Faith Sustains Pioneer Members in Sapporo

Contributed By Sarah Jane Weaver, Church News associate editor

  • 14 November 2016

Sister Yoko Sato joined the Church in 1977 when missionaries knocked on her door. She asked to learn about Jesus Christ.  Photo by Sarah Jane Weaver.

Article Highlights

  • President Russell M. Nelson dedicated the Sapporo Japan Temple on August 21.
  • The temple stands as a monument to the pioneer members in Hokkaido.
  • Brother Seiji Katanuma, Sister Yoko Sato, and Brother Kunihiko Samejima are three examples.

SAPPORO, JAPAN

After decades of faith and sacrifice by local Latter-day Saints in Sapporo, Japan, President Russell M. Nelson dedicated the Sapporo Japan Temple on August 21. The dedication marked the fulfillment of repeated prophecy from Church leaders who visited northern Japan and promised the Church would prosper in Hokkaido.

Local Church leaders say the 48,480-square-foot building is an investment by the Lord in the future of the Church in northern Japan and stands as a monument to the faith and sacrifice of pioneer members in Hokkaido—including Brother Seiji Katanuma, Sister Yoko Sato, and Brother Kunihiko Samejima.

Seiji Katanuma

Seiji Katanuma met the missionaries in Hokkaido when he was 19 years old. He read the Book of Mormon 23 times and then dedicated his prayers to know more. As a result, he gained a testimony “that God lives, that Jesus Christ is the Savior, and the Church is true.”

He was baptized January 13, 1956. At that time there were four branches in Hokkaido—Sapporo, Otaru, Muroran, and Asahigawa.

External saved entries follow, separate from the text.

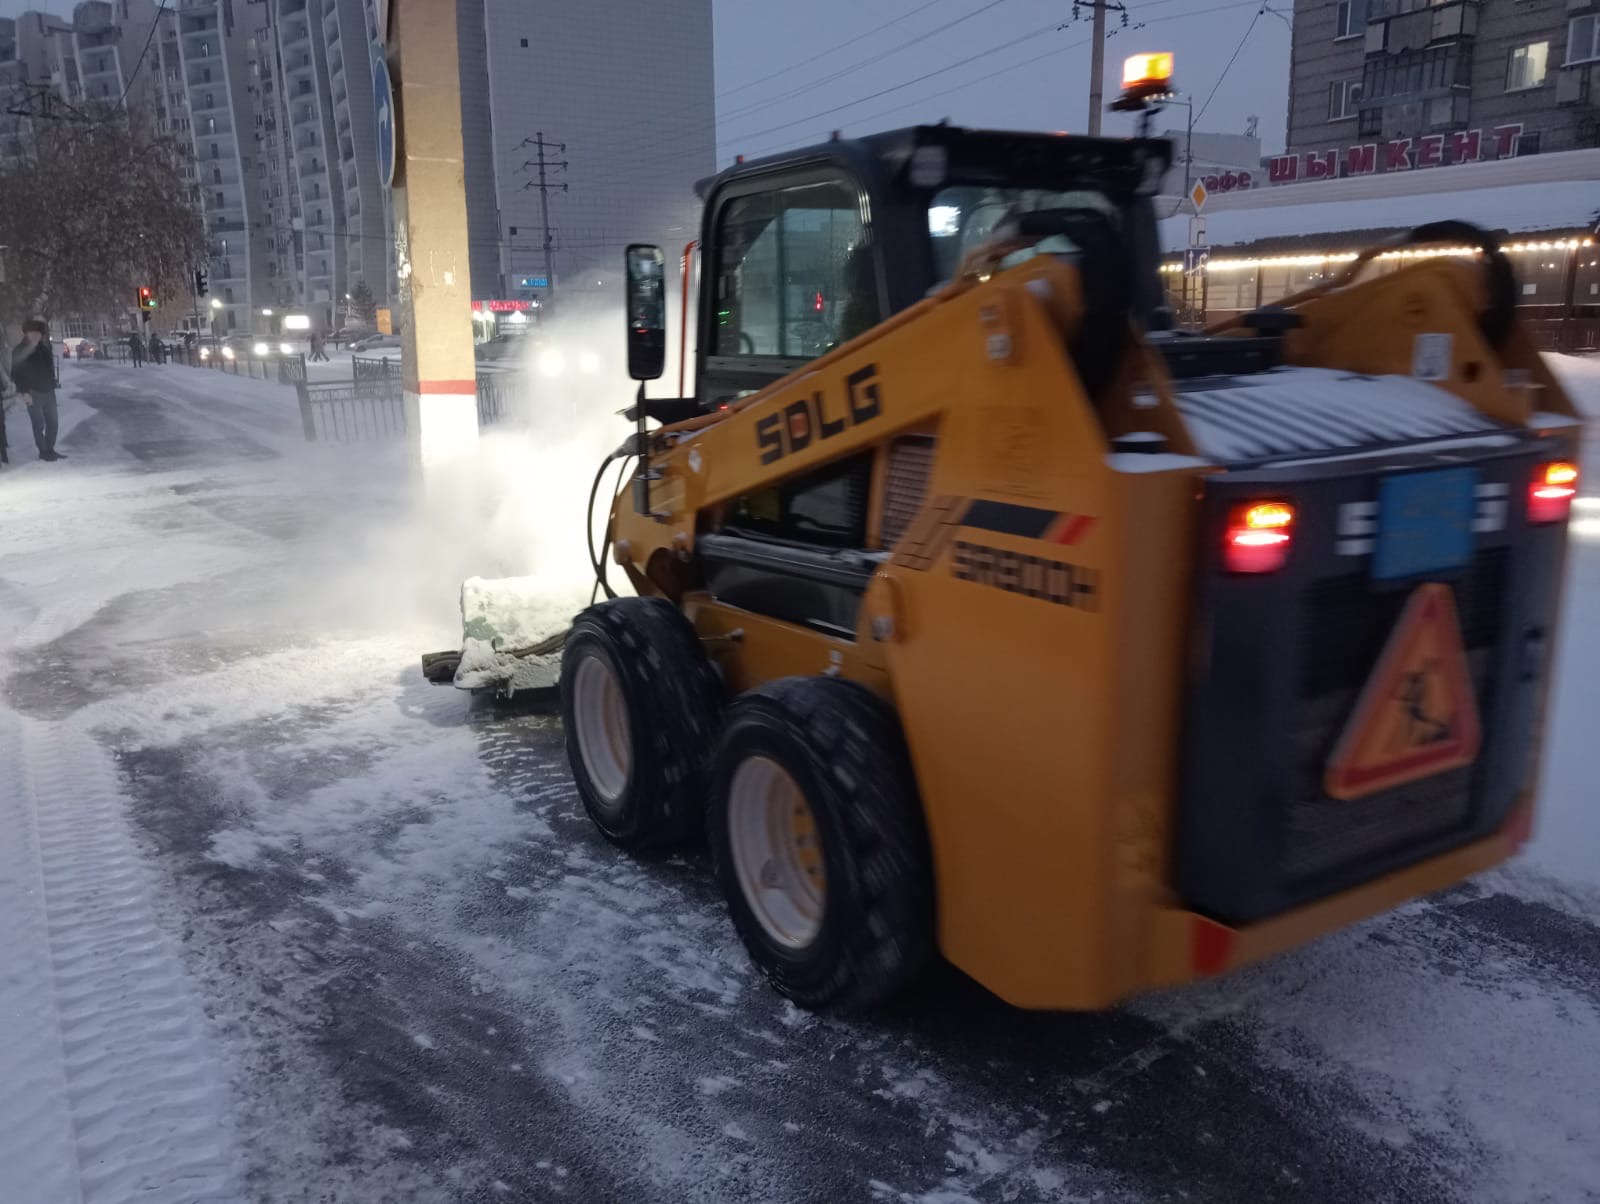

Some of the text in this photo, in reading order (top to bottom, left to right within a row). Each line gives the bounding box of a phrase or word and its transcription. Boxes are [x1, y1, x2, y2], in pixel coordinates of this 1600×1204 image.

[1200, 123, 1523, 193] афе ШЫМКЕНТ
[756, 362, 881, 466] SDLG
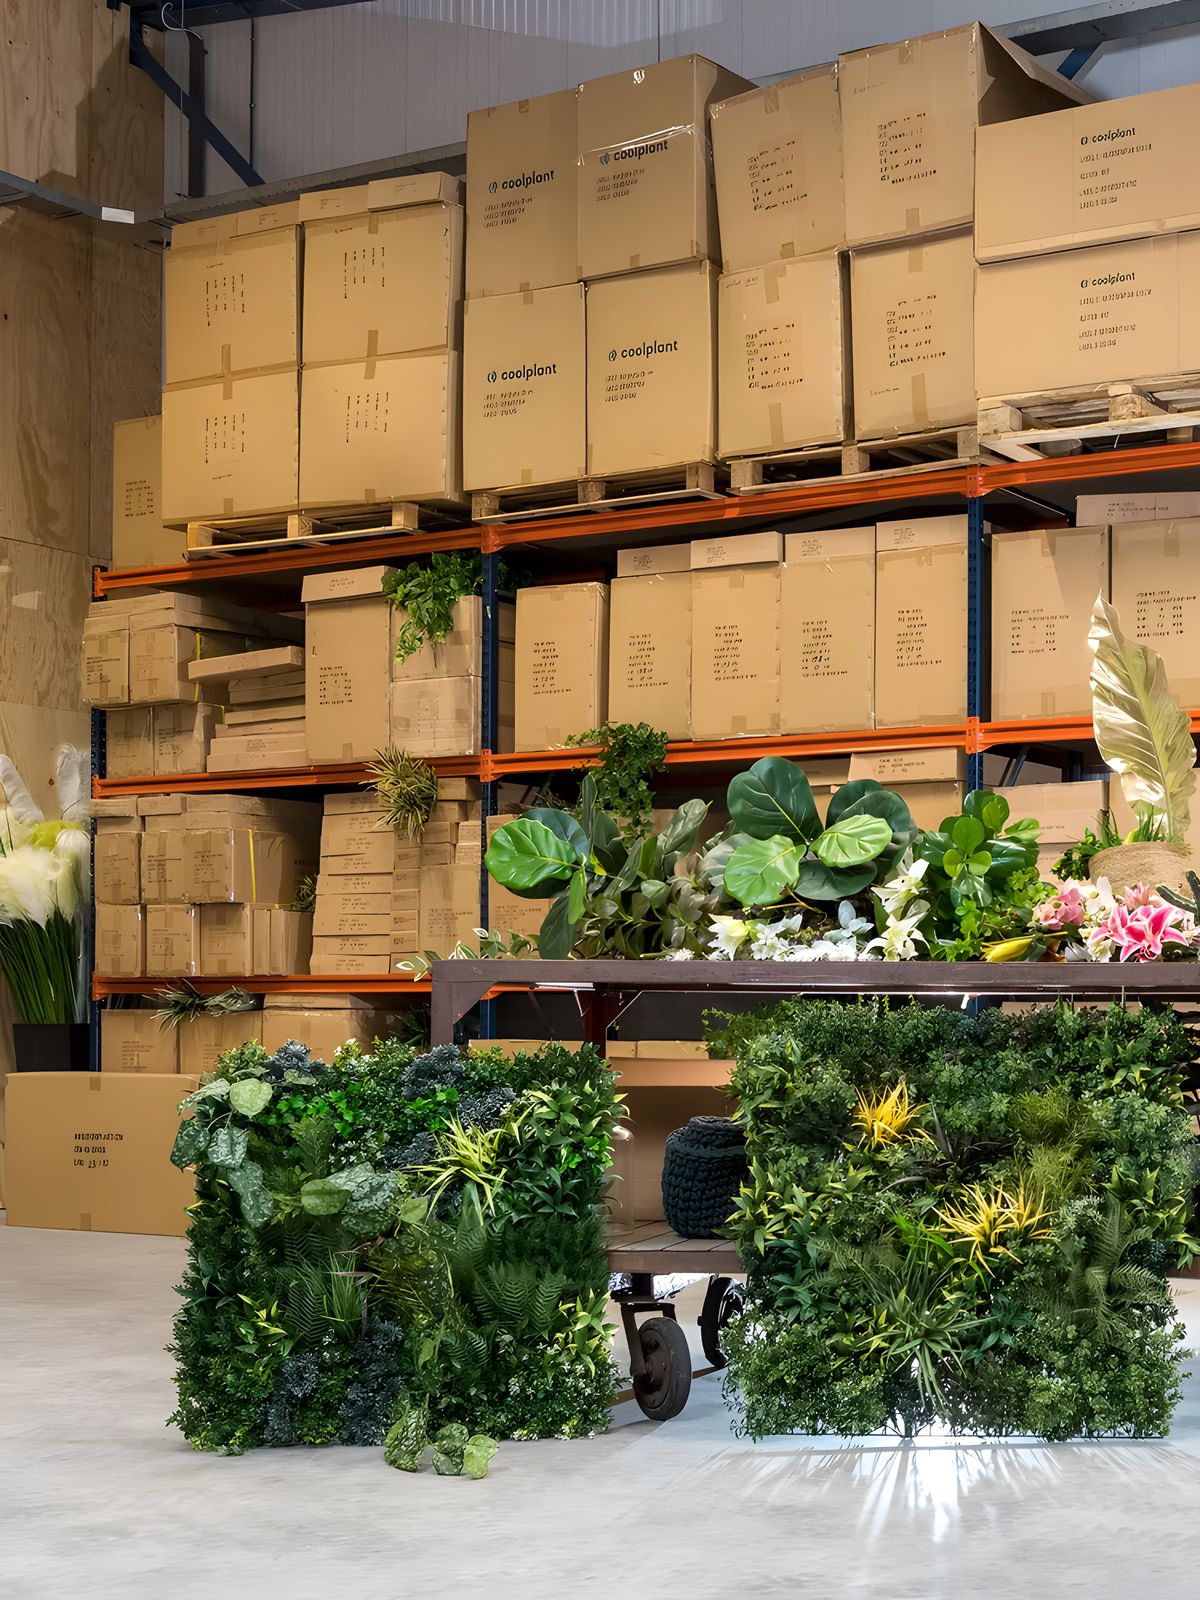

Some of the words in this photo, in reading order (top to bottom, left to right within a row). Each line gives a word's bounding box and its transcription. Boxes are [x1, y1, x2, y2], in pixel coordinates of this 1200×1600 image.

[501, 170, 555, 188] coolplant
[621, 340, 678, 358] coolplant
[501, 363, 557, 380] coolplant

When the first stake was organized in Sapporo in 1978, Brother Katanuma was called as president. The stake had 21 units throughout Hokkaido.

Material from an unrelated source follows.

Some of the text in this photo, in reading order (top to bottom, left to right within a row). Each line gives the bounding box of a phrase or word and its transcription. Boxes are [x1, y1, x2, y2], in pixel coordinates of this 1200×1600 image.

During those years the young, faithful Church population in northern Japan would spend time together. Those members were grateful for the support of the mission presidents and missionaries that came to Japan.

Pioneer member Seiji Katanuma joined the Church in Japan in 1956. Photo by Sarah Jane Weaver.

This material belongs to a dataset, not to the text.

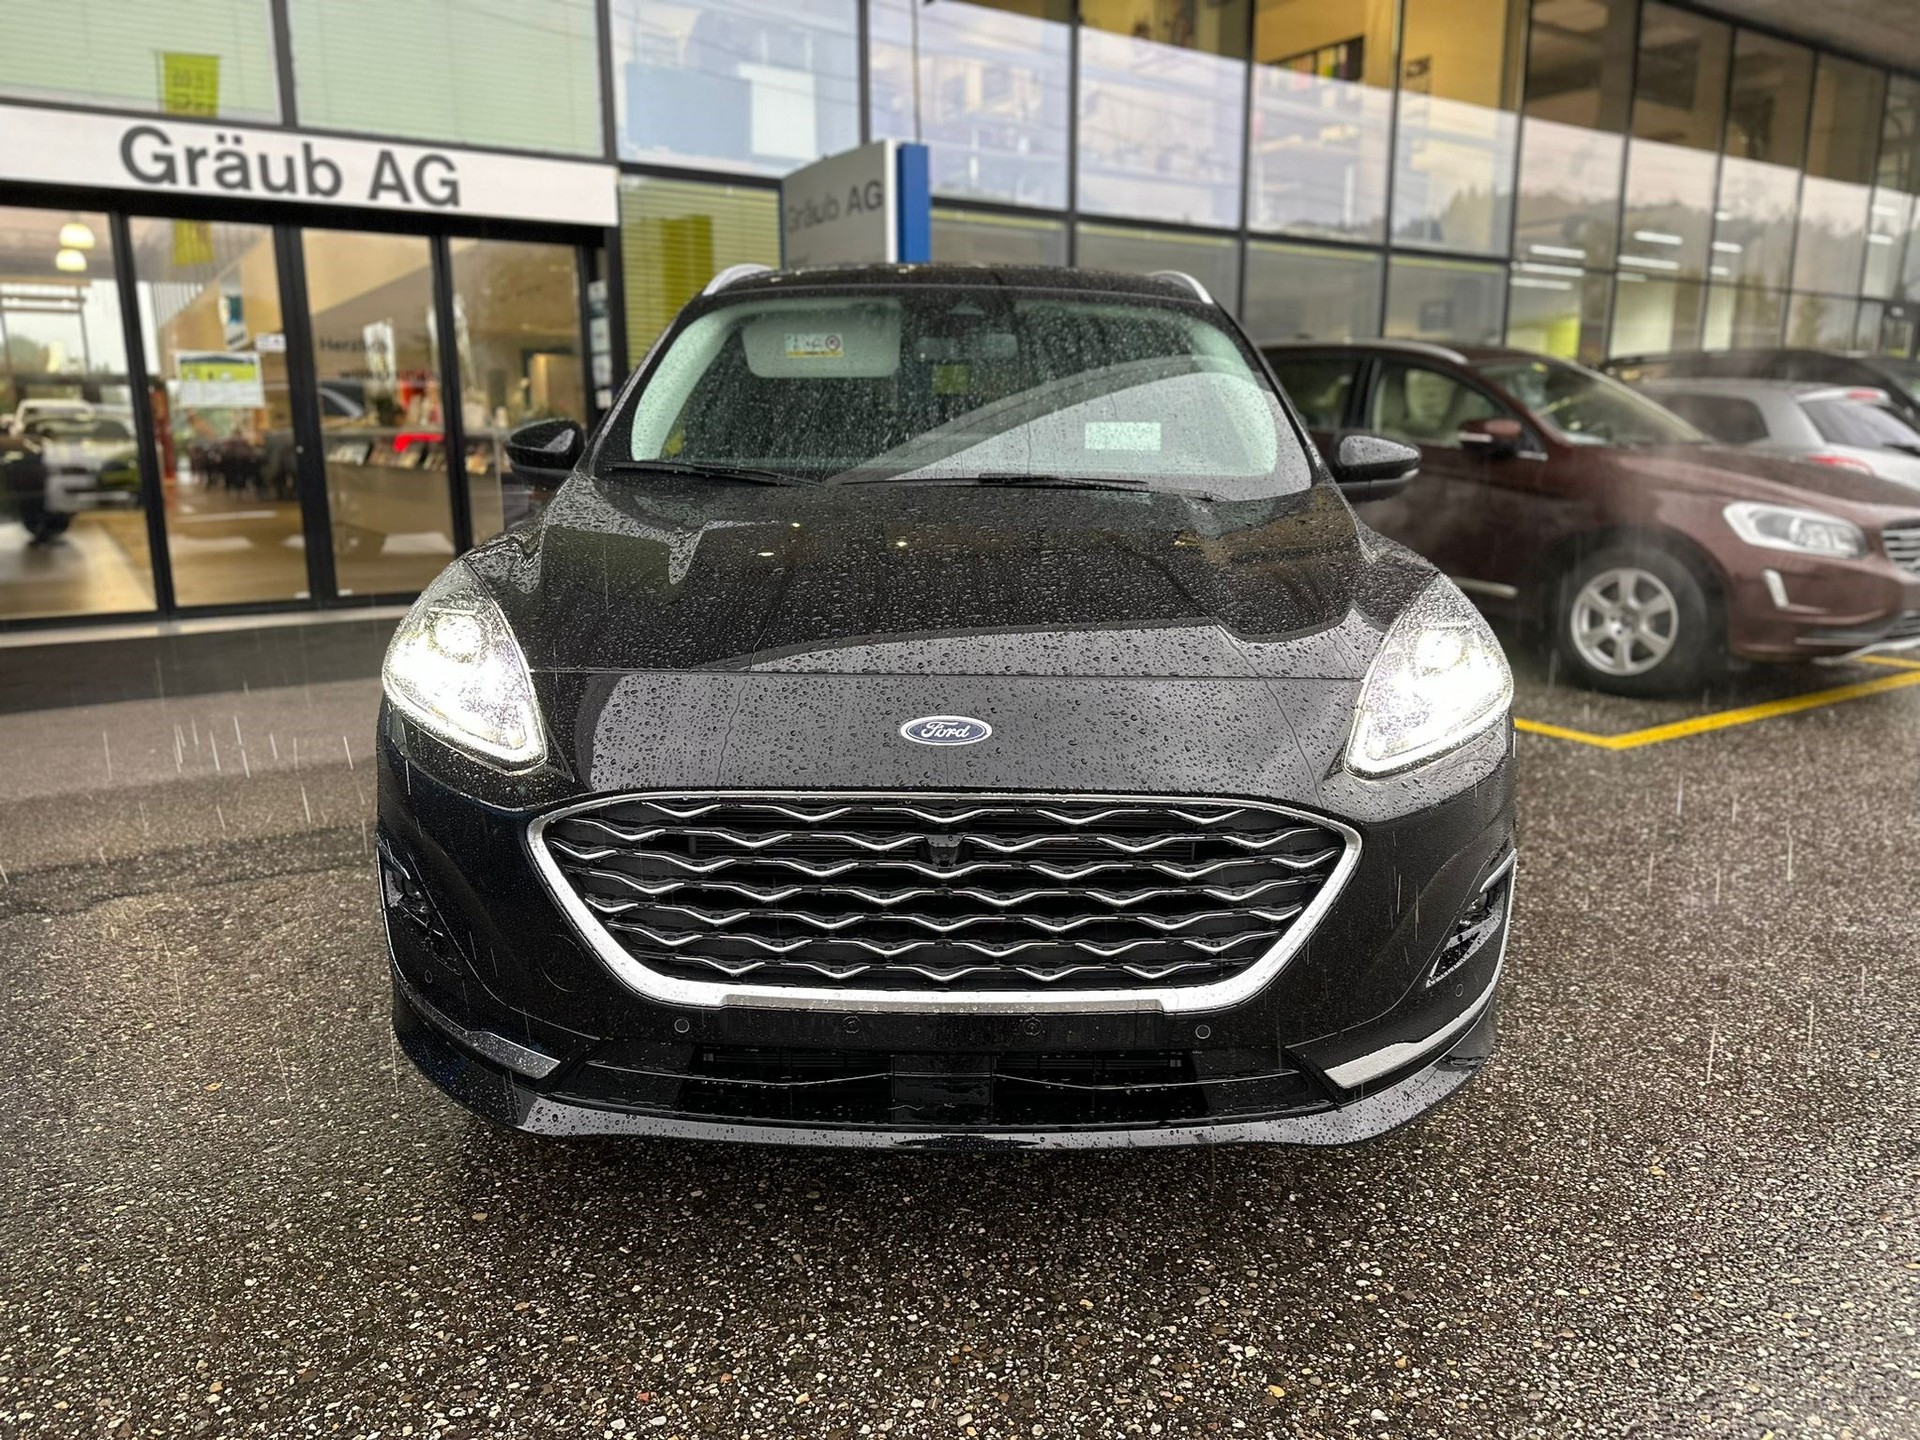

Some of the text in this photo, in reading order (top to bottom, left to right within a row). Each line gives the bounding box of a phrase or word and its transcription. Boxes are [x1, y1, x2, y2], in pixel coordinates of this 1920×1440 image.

Pioneer members in Sapporo, Japan. Photo by Sarah Jane Weaver.

Kunihiko Samejima, a patriarch in Sapporo, Japan, learned about the Church during English classes in 1959. Photo by Sarah Jane Weaver.

Sister Yoko Sato, right, joined the Church in 1977 when missionaries knocked on her door. She asked to learn about Jesus Christ. Photo by Sarah Jane Weaver.

Kunihiko Samejima, a patriarch in Sapporo, Japan, learned about the Church during English classes in 1959. Photo by Sarah Jane Weaver.

The growing membership cherished the words of Elder Bruce R. McConkie, who created the first stake in Sapporo. He spoke of a day when half the missionaries in northern Japan would be Japanese and promised there would be a temple in the area.

“He prophesied, ‘You will have a temple in Hokkaido,’” recalled Brother Katanuma. He never forgot those words and repeated them to the growing membership later as he served as a regional representative and as an Area Seventy.

Brother Katanuma remembers the early days of the Church when the young members would get together “in our houses and talk about how the Church would prosper.”

And now with the temple he sees a day of Church growth ahead. “I think Japan and Japanese people are very unique,” he said. “We will be able to stand for any difficulty.”

Yoko Sato

One night in 1977, Yoko Sato was at home watching TV when three foreign missionaries knocked on her door. “I was surprised,” she recalled. “They were so tall.”

She told them they could return “but please bring a book that writes about Jesus Christ.”

As a child, she once saw a book about the Savior. As she grew, she searched and searched for the book but did not find it again.

“I was longing for Jesus, I needed Jesus, and He brought the missionaries to my place.”

After teaching the first missionary discussion, the young elders asked Sister Sato to pray. “I had never said a prayer,” she recalled. “They taught me how to pray.” The missionaries also challenged her to keep the commandments. “Without any questions, I said ‘yes.’” Soon Sister Sato, then 46, committed to baptism.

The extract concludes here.